Tag Archives: platform games

Yogi’s Big Cleanup

Licensed games, as we’ve established pretty well by this point, can go either way. Sometimes they can be excellent games, bolstered by the “brand recognition” of what they’re based on. And sometimes they can be absolute pap that comes across as little more than a cheap cash-in.

Yogi’s Big Cleanup for Atari ST sits squarely in the middle. It’s not terrible — in fact its overall structure and design is quite likeable. But some unfortunately atrocious controls and collision detection make it a lot harder to enjoy than it perhaps could have been, which is a real shame.

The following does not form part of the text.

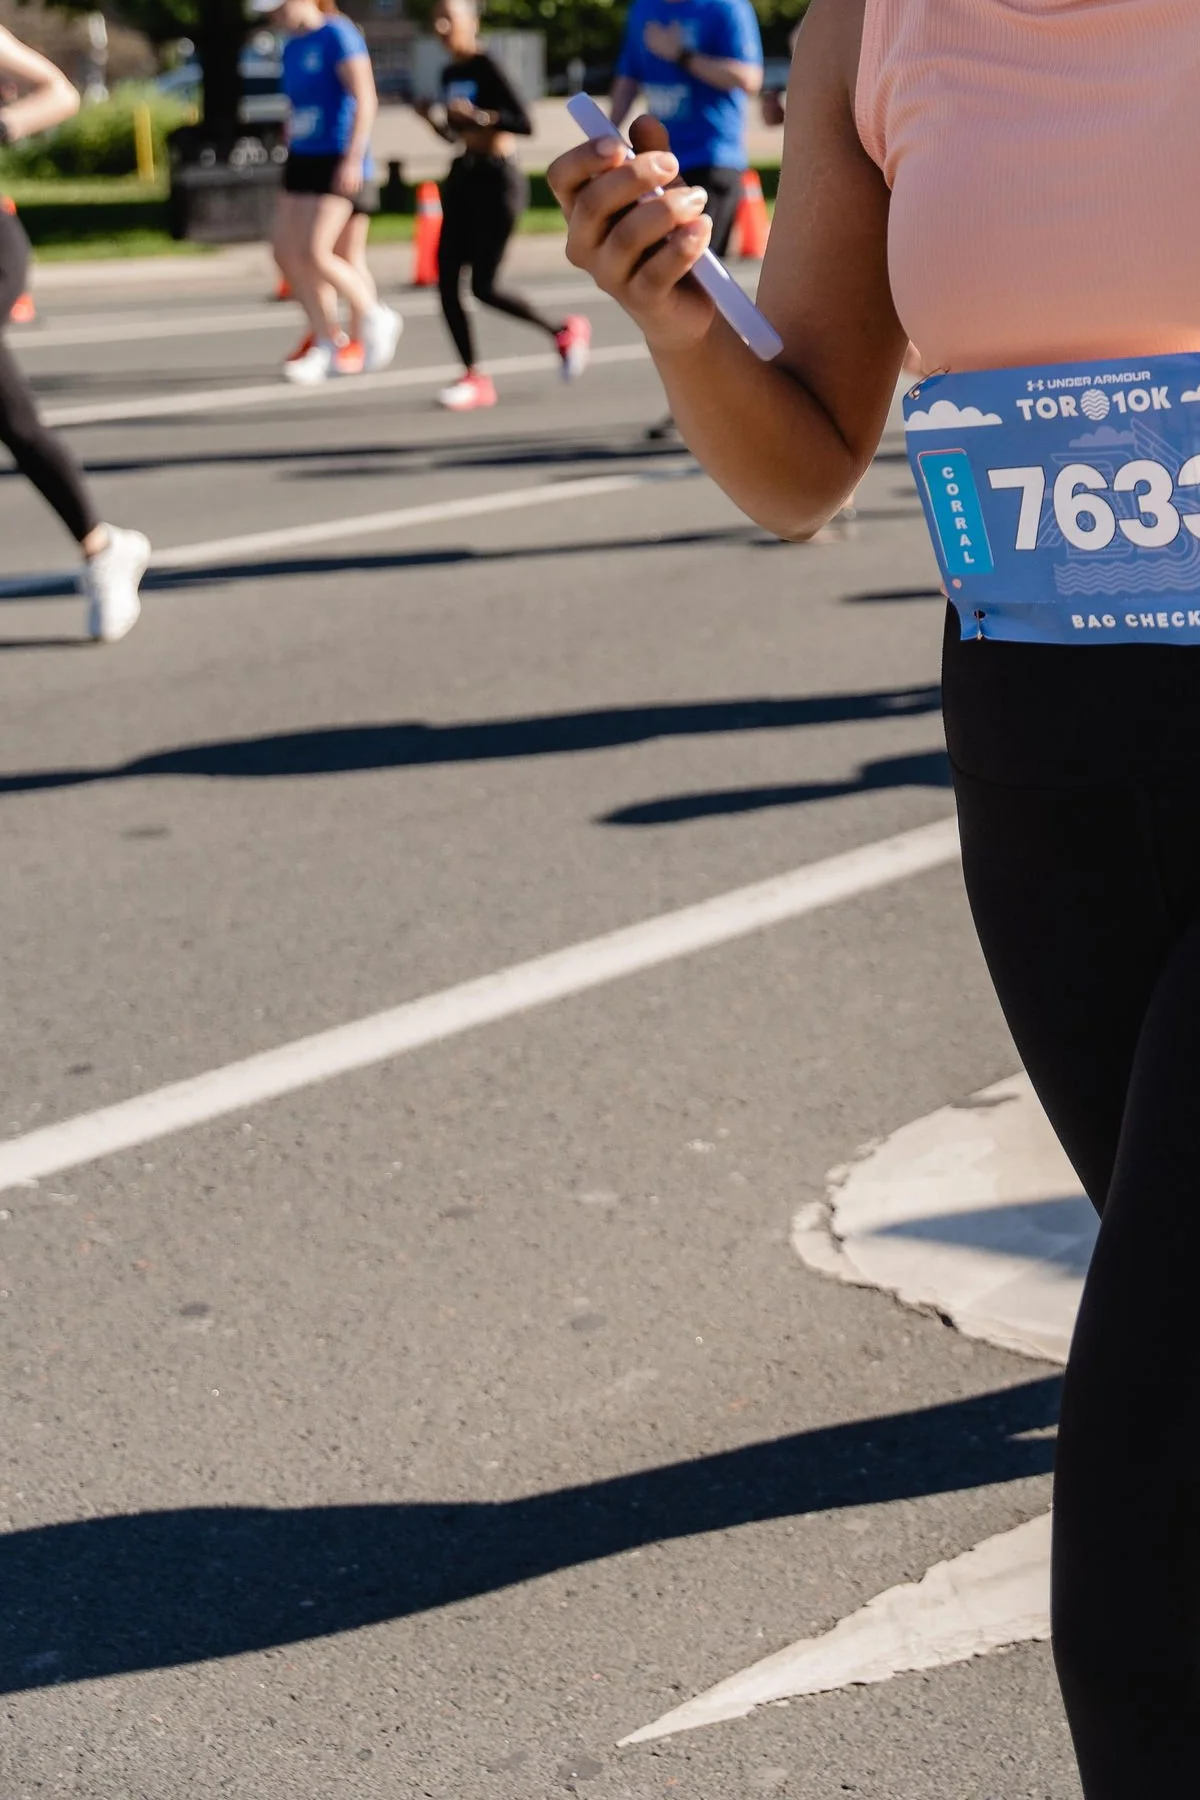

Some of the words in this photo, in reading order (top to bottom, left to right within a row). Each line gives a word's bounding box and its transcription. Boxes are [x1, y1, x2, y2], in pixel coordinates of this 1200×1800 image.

[1047, 376, 1092, 389] UNDER
[1093, 370, 1151, 386] ARMOUR
[941, 466, 975, 564] CORRAL
[1071, 614, 1117, 629] BAG

Check it out in the video below, and don’t forget to subscribe on YouTube for more!

Crystal Raider

Crystal Raider from Mastertronic is not a game I’d come across prior to recording this video, but it seems it was rather fondly regarded back in the day — and likewise a lot of people today seem to like it, too.

It’s an interesting puzzle-platformer with a peculiar jumping system similar to that found in Atari’s arcade title Major Havoc: so long as you hold the fire button down, you continue the upwards arc of your jump. Mastering the crazy moves you can do with this is essential to success — and Crystal Raider certainly demands some inhuman agility at times!

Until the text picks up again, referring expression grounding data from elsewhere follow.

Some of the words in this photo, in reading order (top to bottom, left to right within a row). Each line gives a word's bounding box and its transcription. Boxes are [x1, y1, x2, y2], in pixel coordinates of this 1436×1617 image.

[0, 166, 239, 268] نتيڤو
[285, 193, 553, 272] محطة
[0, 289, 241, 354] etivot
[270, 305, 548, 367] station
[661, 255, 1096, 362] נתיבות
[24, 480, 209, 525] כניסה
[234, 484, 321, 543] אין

Check it out in the video below, and don’t forget to subscribe on YouTube for more!

Yolanda

Remakes and remixes of existing video games have been around for some time now, with some dating right back to the early days of home computer gaming.

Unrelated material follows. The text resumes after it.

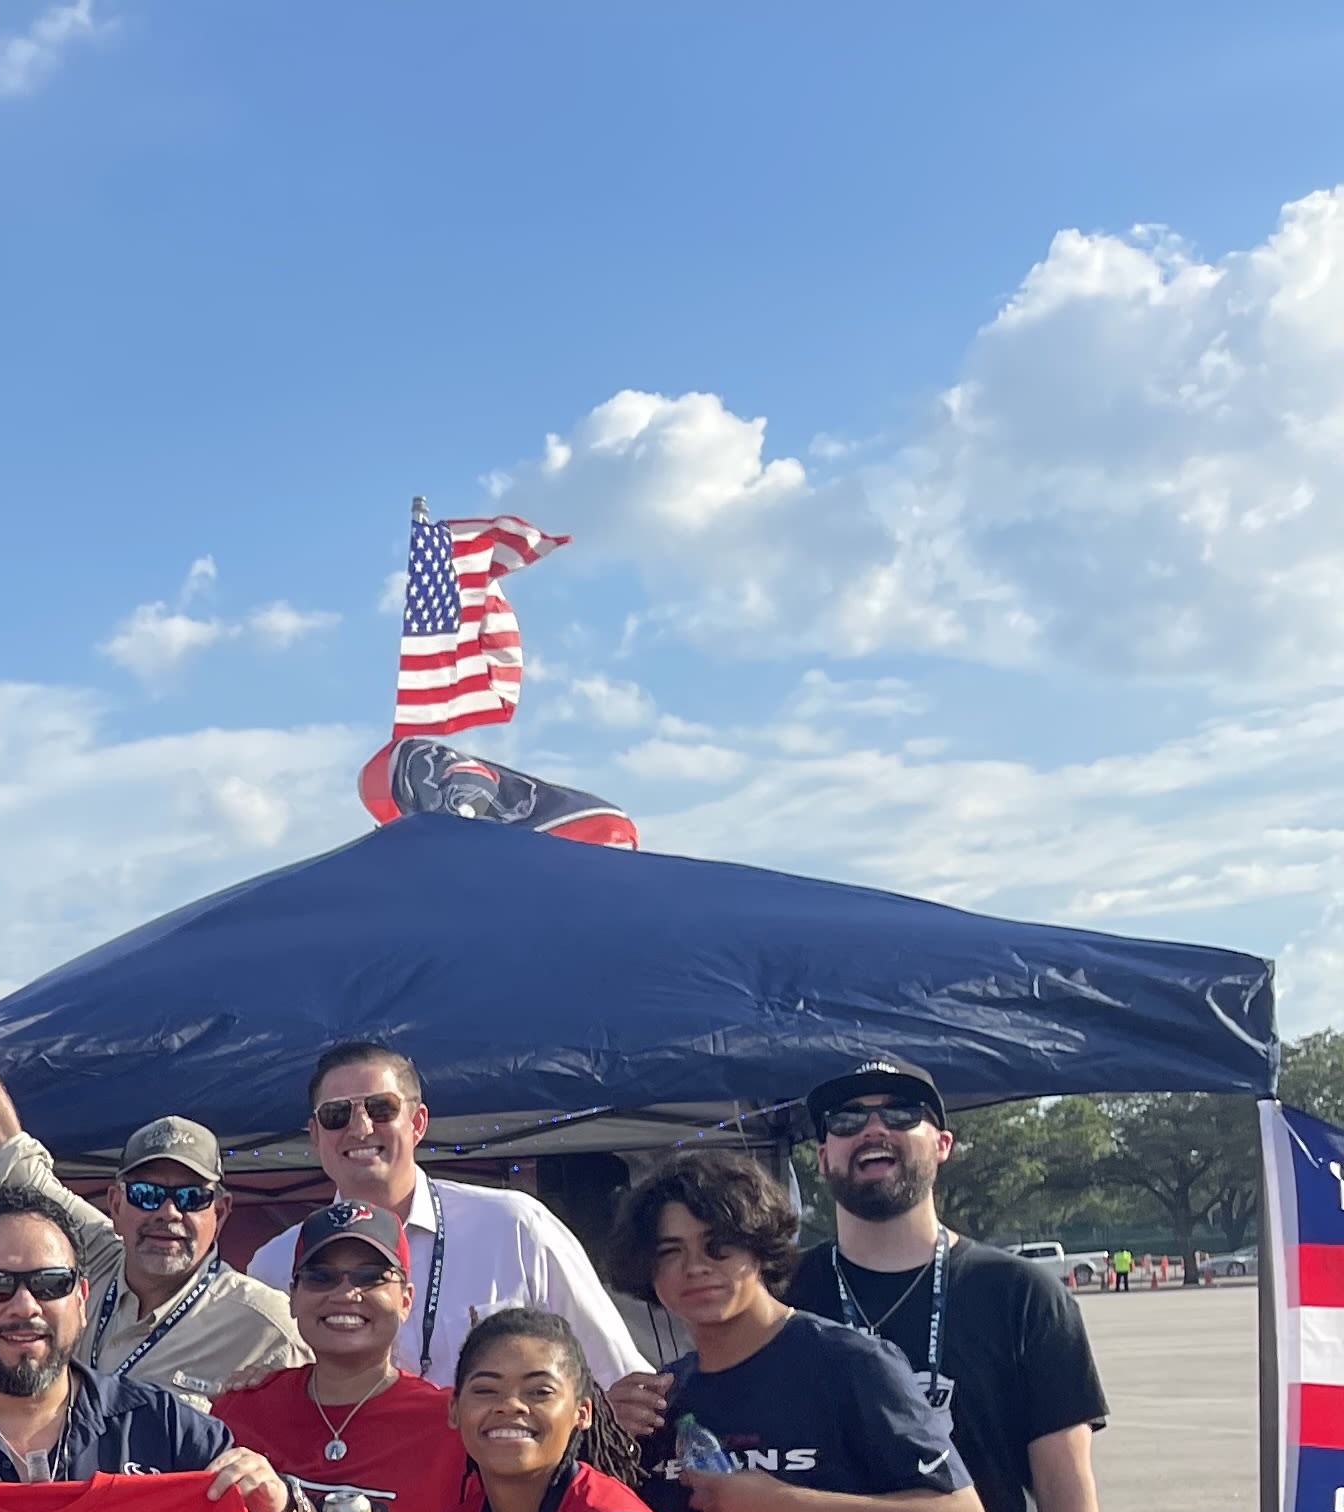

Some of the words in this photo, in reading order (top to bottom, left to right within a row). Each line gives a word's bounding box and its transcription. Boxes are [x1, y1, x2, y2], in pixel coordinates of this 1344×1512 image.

[165, 1282, 208, 1326] TEXANS
[428, 1259, 442, 1313] TEXANS
[927, 1311, 940, 1364] TEXANS

One interesting example is 1990’s Yolanda from Millennium, a game that reimagines the well-regarded but atrociously presented 1984 Commodore 64 title Hercules for a slightly more modern audience. Well, in fact, it outright recreates Hercules with better graphics and sound, and puts a hot girl in the lead role instead of a badly drawn approximation of one of Greek mythology’s most famous figures.

Dubbed “the fastest and most difficult platform game ever” in advertising from the time, it’s… well, it’s quite something, for all the wrong reasons. Take a look.

James Pond

Back in the ’90s, there was a bit of a rivalry between people who played games on home computers and those who played games on consoles.

What am I talking about, “back in the ’90s”, this is still a thing! Well, the difference is that back then, the home computer players were secretly envious of the console players, since during that period, consoles were the more powerful, specialised games machines.

As such, we saw a fair few computer games that attempted to emulate the success of “mascot games” on consoles. One such example that saw some success — and a couple of sequels — was James Pond, a rather British underwater agent with a penchant for environmental do-gooding…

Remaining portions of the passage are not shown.